I never really liked running. Never really saw the point. For exercise? Sure, but I’d much rather play a sport or go swimming or do just about anything other than feel the pounding of my flattened and worn-out feet, screaming for mercy against the hot and unforgiving pavement. Or feel my knees hurting and buckling and cracking with each breath, showing their severe weakness and obvious disapproval of this evil form of torture.
People who run claim that it’s “freeing.” I don’t know about that. To me, it feels the opposite, like a never-ending prison sentence filled with sweat, horrible cramps, and nausea. The only thing freeing about running is maybe the part where the race or the dash or the charity sprint or whatever other forced form of hell has ended, and I am now free to go and grab a drink and a burger somewhere.
Despite this, I have been running for just over 2 years now. It’s not the kind of running that requires good sneakers, or keeping hydrated, or carrying a stopwatch. No. This is much different. This is the kind of running that takes over your life, and that is caused by death.
I began running at approximately 6:30am on July 13, 2011, when I received the series of phone calls that would jar me awake, give me the worst news of my life, and change me forever. My very first sprint was the one that took me from the inside of a taxicab, into the ER section of the hospital, just down the street from where we lived in West New York, New Jersey. My run from the door of that car to the doors of that E.R., I can honestly say, was the fastest I have ever moved in my life. I don’t know what all the rushing was about. He was already dead. Then again, I didn’t know that at the time. Until, of course, I did.

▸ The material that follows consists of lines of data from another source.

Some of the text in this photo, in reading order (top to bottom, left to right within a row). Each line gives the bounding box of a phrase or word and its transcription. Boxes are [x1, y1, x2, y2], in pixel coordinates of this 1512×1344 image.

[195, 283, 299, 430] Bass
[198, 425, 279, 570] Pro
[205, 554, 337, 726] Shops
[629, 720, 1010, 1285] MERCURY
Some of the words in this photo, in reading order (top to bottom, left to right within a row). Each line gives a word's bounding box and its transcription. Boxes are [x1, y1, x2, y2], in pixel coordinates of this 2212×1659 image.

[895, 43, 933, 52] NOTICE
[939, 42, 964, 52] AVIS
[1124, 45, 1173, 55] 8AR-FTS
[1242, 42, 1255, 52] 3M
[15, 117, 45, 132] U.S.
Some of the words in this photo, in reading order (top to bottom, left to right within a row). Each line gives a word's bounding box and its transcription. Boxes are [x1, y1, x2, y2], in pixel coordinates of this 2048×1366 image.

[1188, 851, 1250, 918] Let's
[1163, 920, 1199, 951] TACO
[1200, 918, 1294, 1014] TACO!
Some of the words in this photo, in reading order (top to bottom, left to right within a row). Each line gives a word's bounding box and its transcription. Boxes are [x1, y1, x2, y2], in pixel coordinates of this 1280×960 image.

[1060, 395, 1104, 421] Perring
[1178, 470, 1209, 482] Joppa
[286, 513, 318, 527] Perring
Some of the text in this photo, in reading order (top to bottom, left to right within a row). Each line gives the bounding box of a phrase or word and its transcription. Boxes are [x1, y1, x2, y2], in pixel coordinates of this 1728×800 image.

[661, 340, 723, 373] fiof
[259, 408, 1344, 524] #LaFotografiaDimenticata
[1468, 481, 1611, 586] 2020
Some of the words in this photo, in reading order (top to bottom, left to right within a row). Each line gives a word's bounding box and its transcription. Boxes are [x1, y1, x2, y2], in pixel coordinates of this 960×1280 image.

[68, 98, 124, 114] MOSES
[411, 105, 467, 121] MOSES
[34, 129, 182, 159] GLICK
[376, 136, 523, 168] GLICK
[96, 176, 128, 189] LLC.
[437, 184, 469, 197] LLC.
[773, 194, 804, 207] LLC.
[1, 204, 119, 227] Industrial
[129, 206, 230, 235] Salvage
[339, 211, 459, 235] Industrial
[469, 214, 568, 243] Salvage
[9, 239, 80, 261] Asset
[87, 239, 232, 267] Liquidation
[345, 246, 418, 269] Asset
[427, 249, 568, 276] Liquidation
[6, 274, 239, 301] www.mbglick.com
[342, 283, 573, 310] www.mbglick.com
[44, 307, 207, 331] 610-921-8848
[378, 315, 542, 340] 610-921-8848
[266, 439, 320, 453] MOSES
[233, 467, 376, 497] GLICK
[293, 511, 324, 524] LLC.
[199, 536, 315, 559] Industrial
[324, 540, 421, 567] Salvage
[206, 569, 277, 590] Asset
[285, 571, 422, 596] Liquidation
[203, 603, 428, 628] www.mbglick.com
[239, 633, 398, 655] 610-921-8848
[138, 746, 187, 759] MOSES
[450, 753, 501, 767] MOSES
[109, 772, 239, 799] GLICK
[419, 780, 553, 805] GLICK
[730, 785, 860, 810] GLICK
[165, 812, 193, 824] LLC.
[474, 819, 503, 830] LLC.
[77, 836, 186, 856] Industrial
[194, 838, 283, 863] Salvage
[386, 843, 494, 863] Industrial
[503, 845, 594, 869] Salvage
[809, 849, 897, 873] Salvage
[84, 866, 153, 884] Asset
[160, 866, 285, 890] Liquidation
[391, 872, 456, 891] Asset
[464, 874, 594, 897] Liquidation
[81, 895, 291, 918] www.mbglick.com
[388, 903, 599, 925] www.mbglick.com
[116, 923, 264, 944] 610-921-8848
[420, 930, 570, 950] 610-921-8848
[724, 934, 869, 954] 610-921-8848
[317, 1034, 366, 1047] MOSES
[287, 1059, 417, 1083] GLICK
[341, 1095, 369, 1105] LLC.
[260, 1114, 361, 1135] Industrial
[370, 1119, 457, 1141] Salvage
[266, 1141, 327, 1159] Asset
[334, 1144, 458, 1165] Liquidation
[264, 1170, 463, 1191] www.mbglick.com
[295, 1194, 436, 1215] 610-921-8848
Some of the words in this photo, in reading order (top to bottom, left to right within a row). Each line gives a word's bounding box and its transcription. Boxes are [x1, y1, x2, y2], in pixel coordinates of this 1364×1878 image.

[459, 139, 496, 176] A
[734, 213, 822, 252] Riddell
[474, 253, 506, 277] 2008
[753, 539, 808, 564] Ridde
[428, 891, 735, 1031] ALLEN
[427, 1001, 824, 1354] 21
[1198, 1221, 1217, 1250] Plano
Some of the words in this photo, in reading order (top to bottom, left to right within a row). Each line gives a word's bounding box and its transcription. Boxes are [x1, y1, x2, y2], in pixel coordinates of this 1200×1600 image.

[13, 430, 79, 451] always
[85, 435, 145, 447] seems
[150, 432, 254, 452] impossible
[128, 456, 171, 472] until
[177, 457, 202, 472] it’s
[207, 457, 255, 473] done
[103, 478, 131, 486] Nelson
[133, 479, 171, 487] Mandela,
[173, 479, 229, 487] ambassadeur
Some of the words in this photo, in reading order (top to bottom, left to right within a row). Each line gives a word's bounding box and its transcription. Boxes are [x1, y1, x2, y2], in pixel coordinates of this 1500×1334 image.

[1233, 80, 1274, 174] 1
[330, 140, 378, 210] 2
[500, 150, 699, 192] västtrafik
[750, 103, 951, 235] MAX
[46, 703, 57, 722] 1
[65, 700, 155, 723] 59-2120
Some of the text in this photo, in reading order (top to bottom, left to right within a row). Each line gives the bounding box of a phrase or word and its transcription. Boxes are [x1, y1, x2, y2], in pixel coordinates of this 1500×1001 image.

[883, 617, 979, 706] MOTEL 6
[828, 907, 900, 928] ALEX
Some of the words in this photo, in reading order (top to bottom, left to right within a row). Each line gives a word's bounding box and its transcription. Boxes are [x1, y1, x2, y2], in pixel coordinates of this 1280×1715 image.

And since that time, that day, that hour – every piece of my existence has been about running. Running from pain. Running from hurt. From loss. From love. Running as far away from the memories as I can, because memories sting and they stab and they reinforce what is now gone. I am not ready for memories. Memories are for 5 years, maybe 10 years from now, when I can feel them without intense sorrow, when I can “cherish them”, which so many people who have not lost their husbands keep telling me to do. Running from pictures, and triggers, and trauma. Running from my heart. My soul. My “before.”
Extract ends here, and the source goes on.